From the first line to the last, restate the records word for word, skipping the pictures.

Text-to-region grounding data:
════════════════════

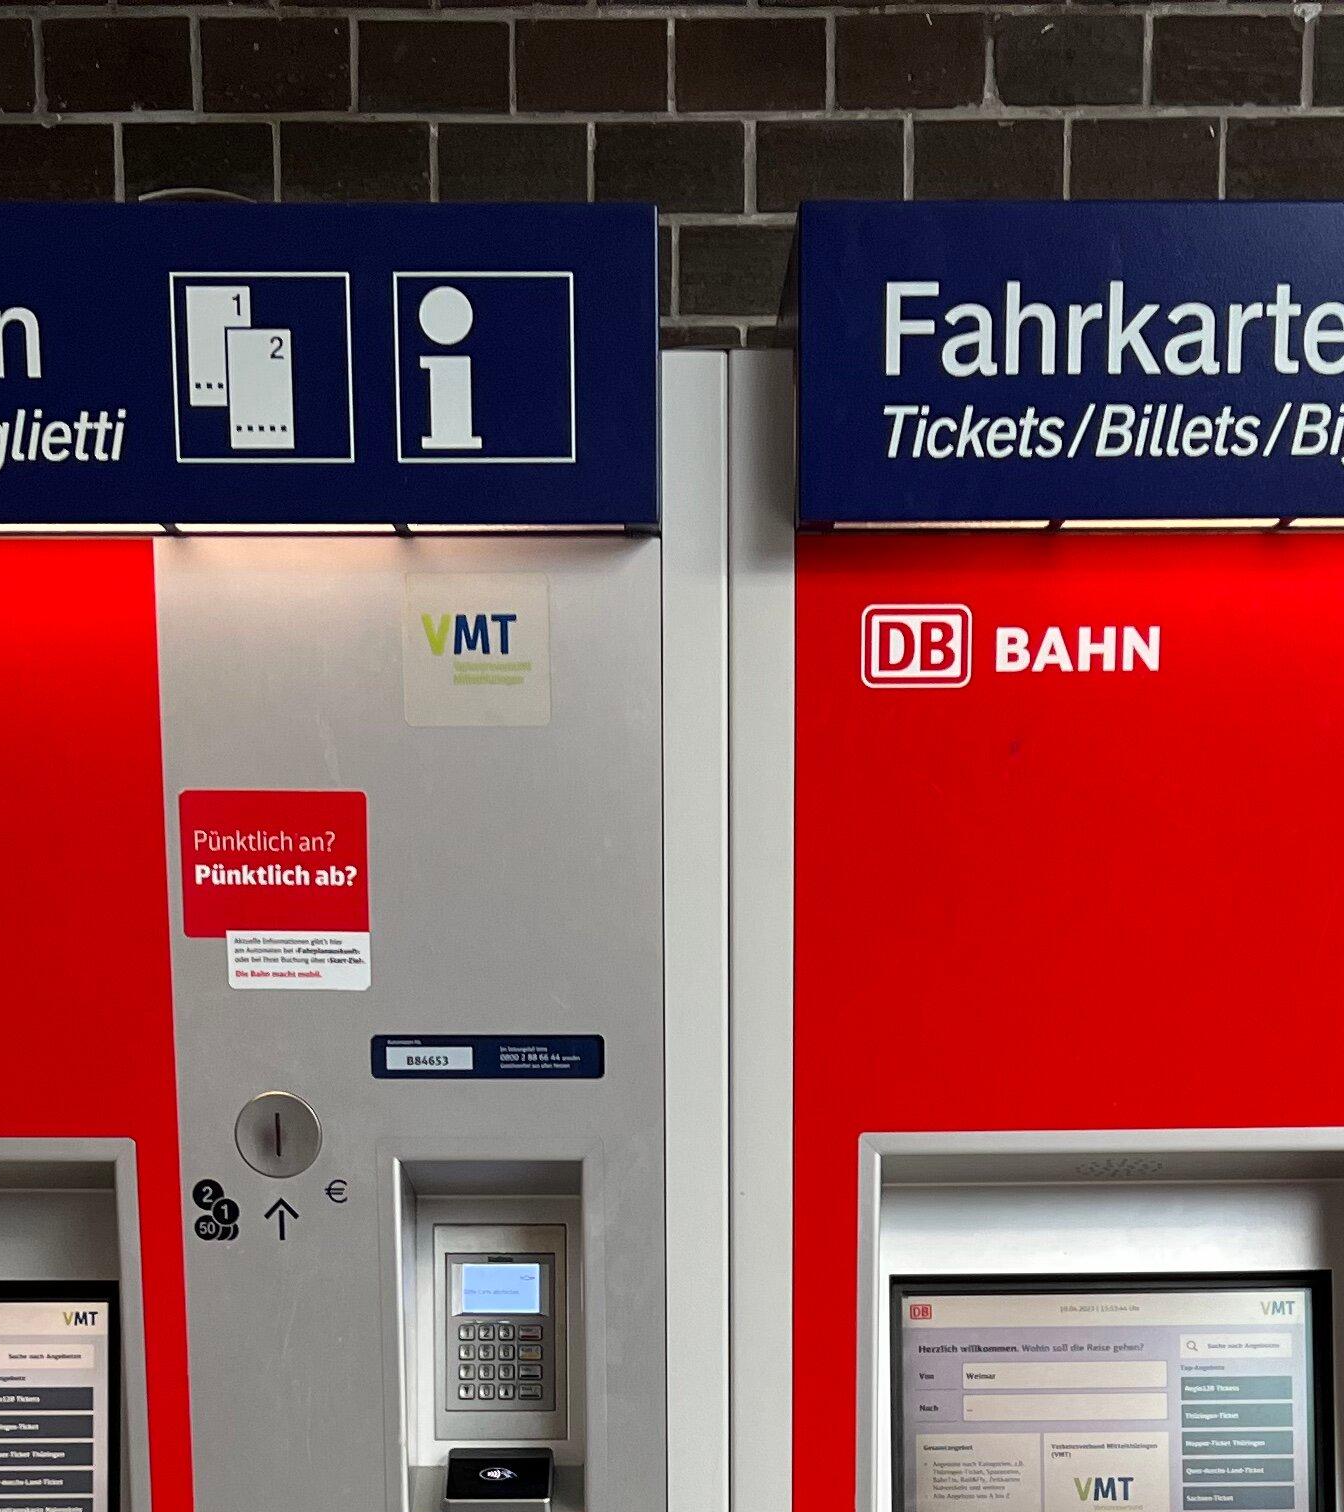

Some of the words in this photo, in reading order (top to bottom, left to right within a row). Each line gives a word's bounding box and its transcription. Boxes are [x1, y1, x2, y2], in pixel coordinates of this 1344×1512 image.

[231, 293, 242, 317] 1
[268, 337, 284, 361] 2
[420, 613, 518, 656] VMT
[876, 619, 957, 674] DB
[995, 625, 1161, 673] BAHN
[194, 830, 293, 852] Pünktlich
[298, 830, 336, 853] an?
[194, 863, 310, 887] Pünktlich
[314, 865, 358, 887] ab?
[406, 1055, 449, 1066] B84653
[202, 1186, 214, 1203] 2
[324, 1179, 348, 1204] €
[221, 1204, 229, 1220] 1
[199, 1221, 216, 1235] 50
[1260, 1300, 1295, 1315] VMT
[63, 1311, 98, 1326] VMT
[918, 1345, 958, 1353] Herzlich
[966, 1372, 996, 1380] Weimar
[1073, 1477, 1134, 1501] VMT

════════════════════

▸ **ANSWER SPACE**:
Some of the words in this photo, in reading order (top to bottom, left to right within a row). Each line gives a word's bounding box and its transcription. Boxes are [x1, y1, x2, y2], in pixel coordinates of this 1344×1512 image.

[231, 293, 242, 317] 1
[268, 337, 284, 361] 2
[420, 613, 518, 656] VMT
[876, 619, 957, 674] DB
[995, 625, 1161, 673] BAHN
[194, 830, 293, 852] Pünktlich
[298, 830, 336, 853] an?
[194, 863, 310, 887] Pünktlich
[314, 865, 358, 887] ab?
[406, 1055, 449, 1066] B84653
[202, 1186, 214, 1203] 2
[324, 1179, 348, 1204] €
[221, 1204, 229, 1220] 1
[199, 1221, 216, 1235] 50
[1260, 1300, 1295, 1315] VMT
[63, 1311, 98, 1326] VMT
[918, 1345, 958, 1353] Herzlich
[966, 1372, 996, 1380] Weimar
[1073, 1477, 1134, 1501] VMT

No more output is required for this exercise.